PROMPT:
Down to the last line, print the entries below exactly, and keep every picture out of the copy.

THE DATA:
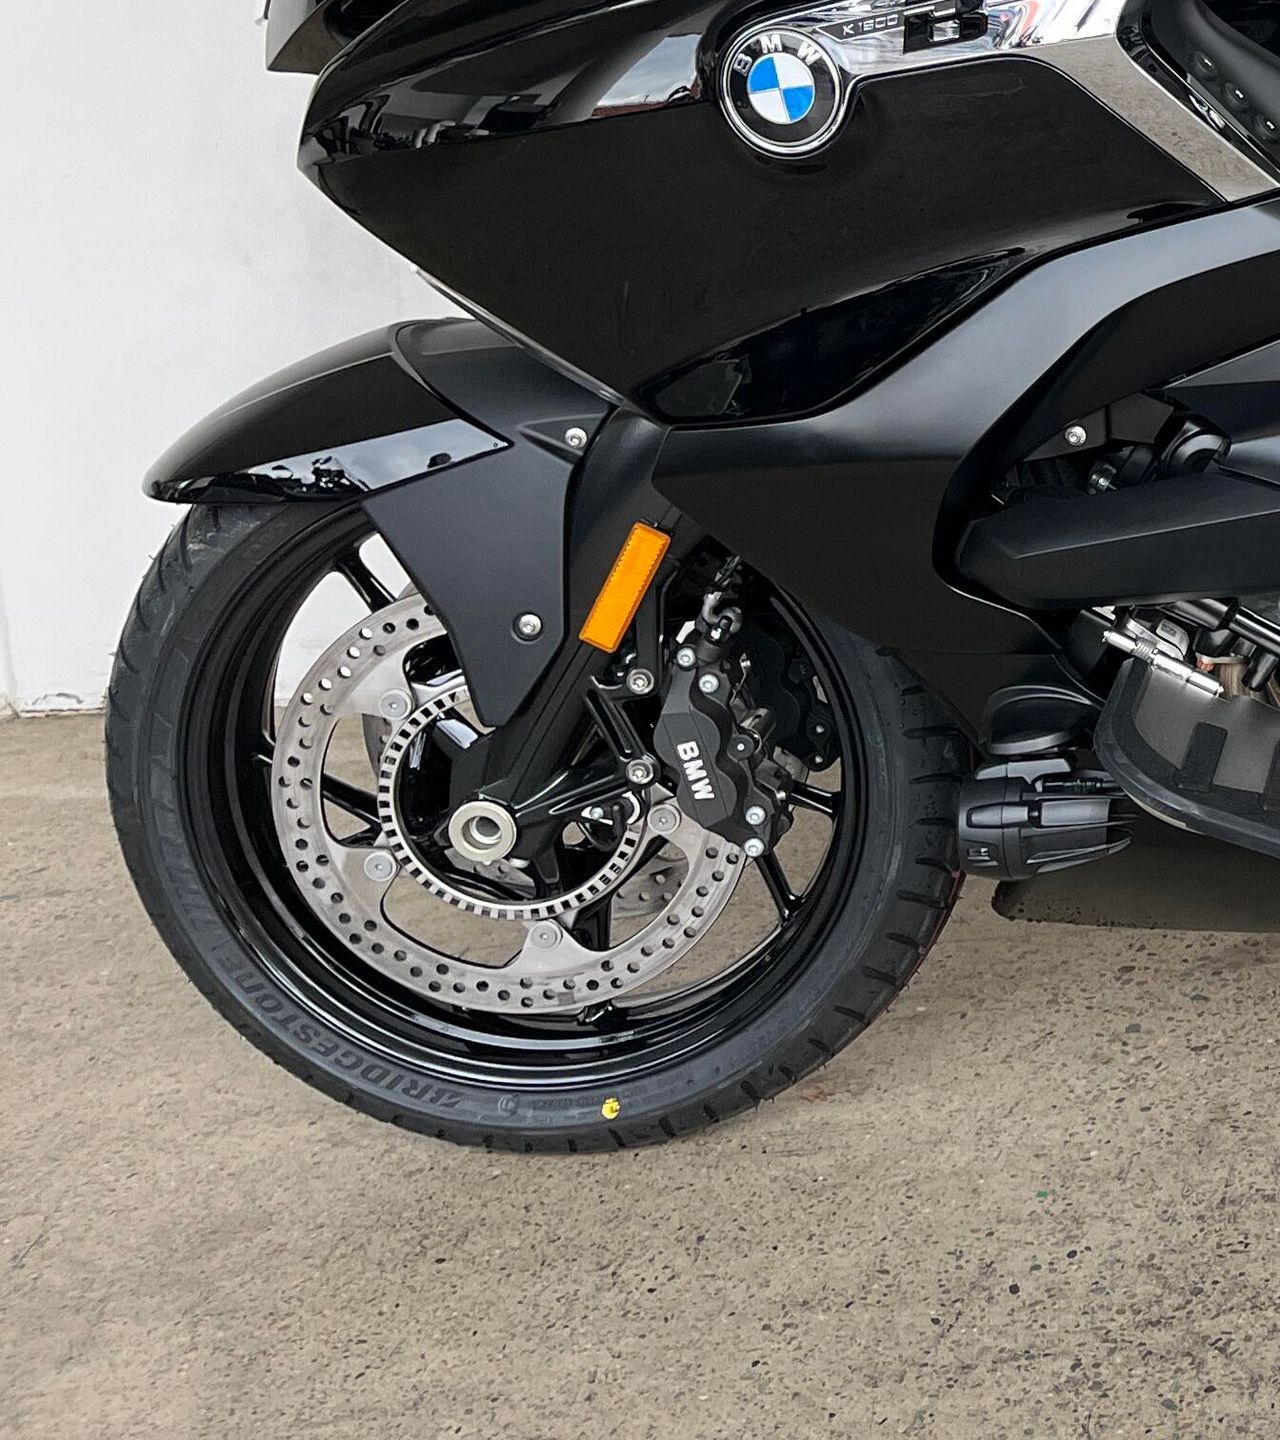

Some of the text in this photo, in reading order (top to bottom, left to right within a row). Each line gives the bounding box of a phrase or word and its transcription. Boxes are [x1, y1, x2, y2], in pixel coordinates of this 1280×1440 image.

[733, 33, 823, 77] BMW
[842, 23, 855, 37] K
[676, 740, 715, 800] BMW
[216, 950, 464, 1109] BRIDGESTONE
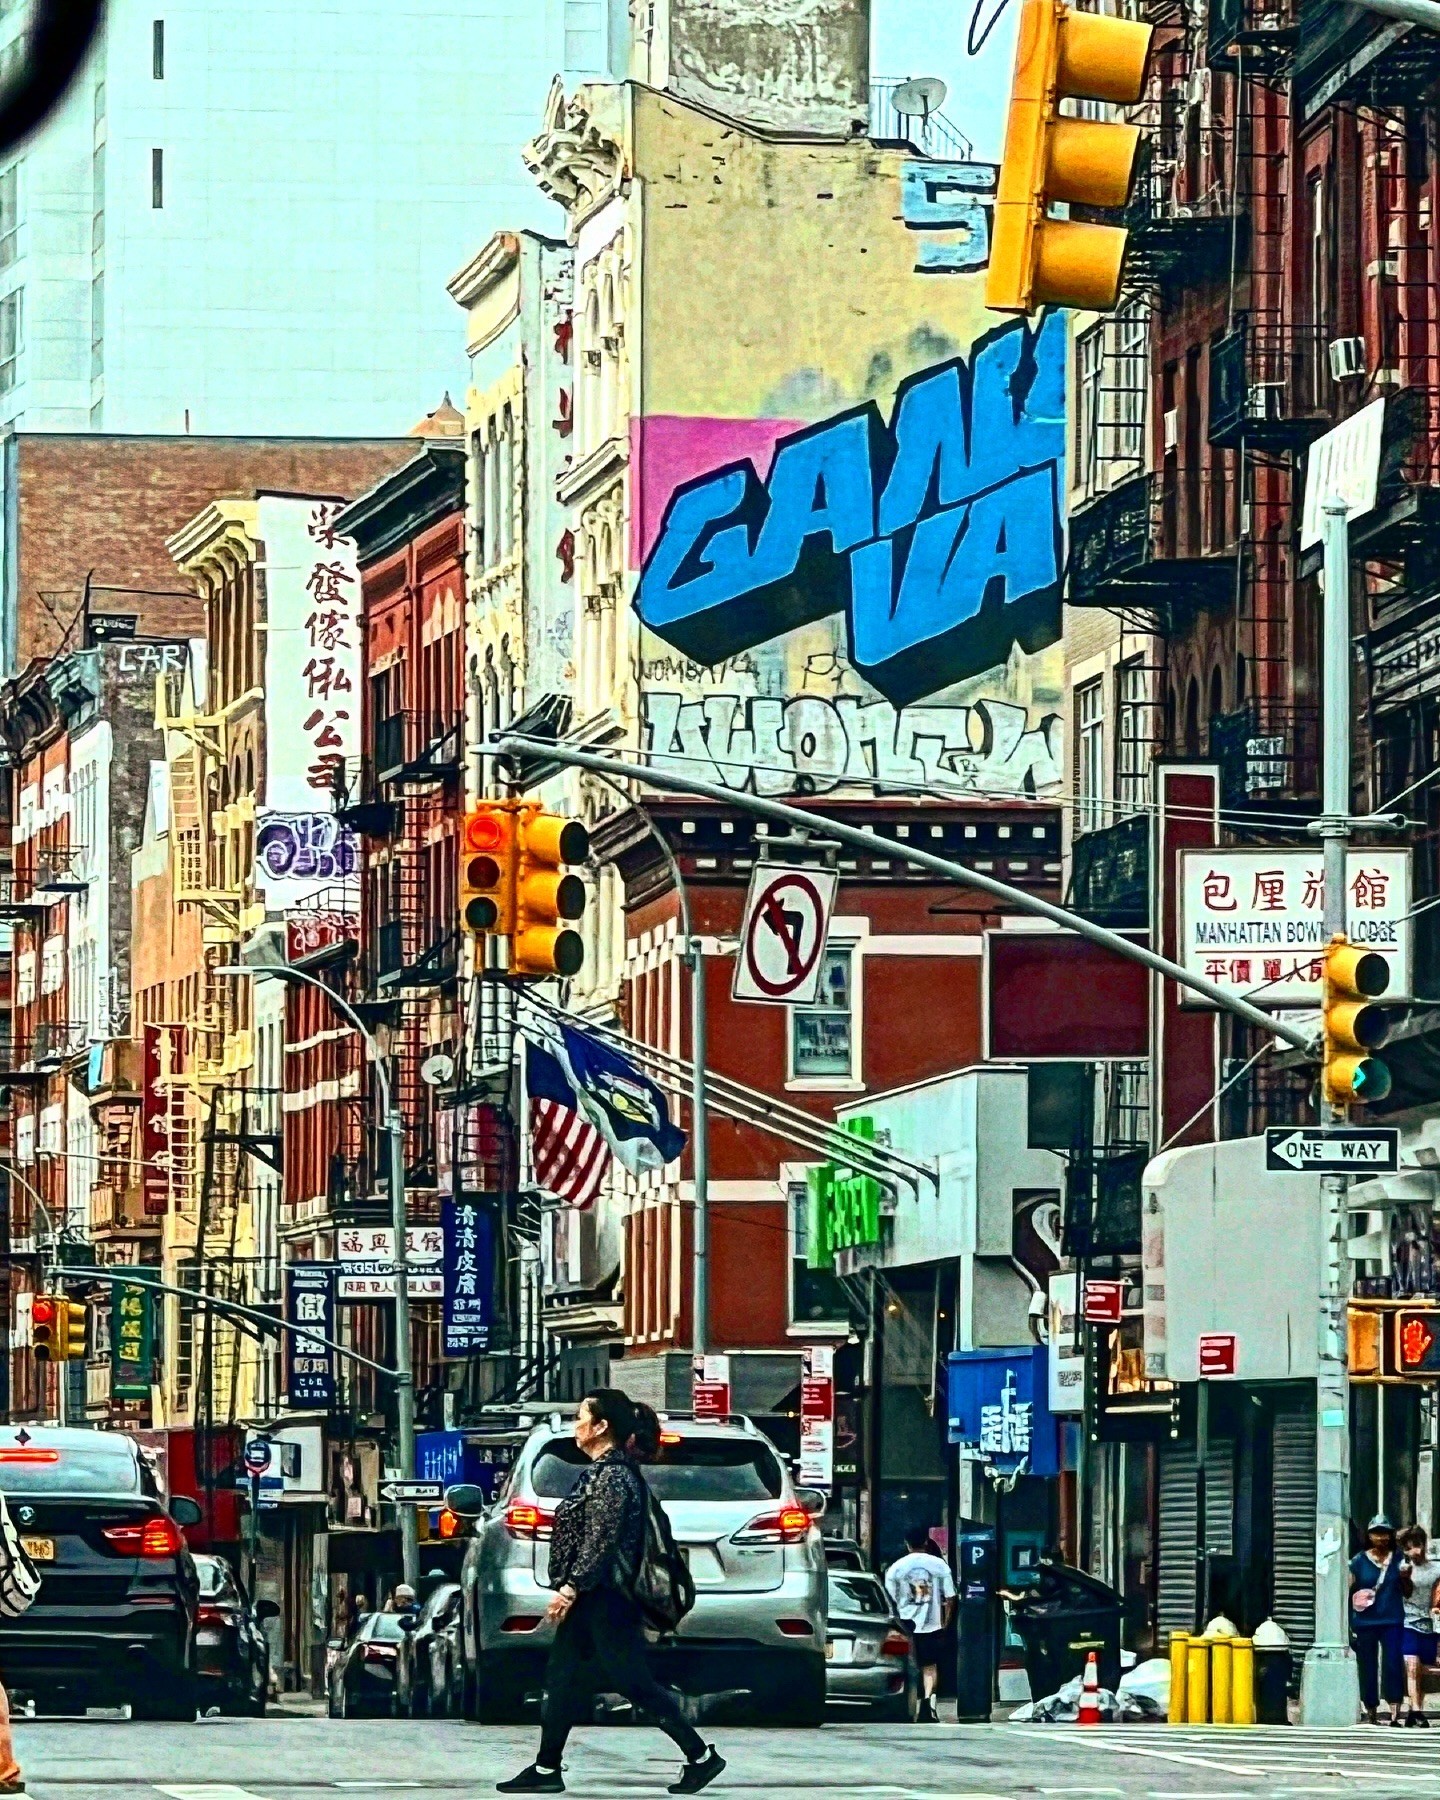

THE ANSWER:
Some of the text in this photo, in reading order (top to bottom, left to right within a row). Each line gives the bounding box of a phrase or word and its transcription. Boxes are [x1, y1, x2, y2], in pixel coordinates of this 1280×1440 image.

[733, 33, 823, 77] BMW
[842, 23, 855, 37] K
[676, 740, 715, 800] BMW
[216, 950, 464, 1109] BRIDGESTONE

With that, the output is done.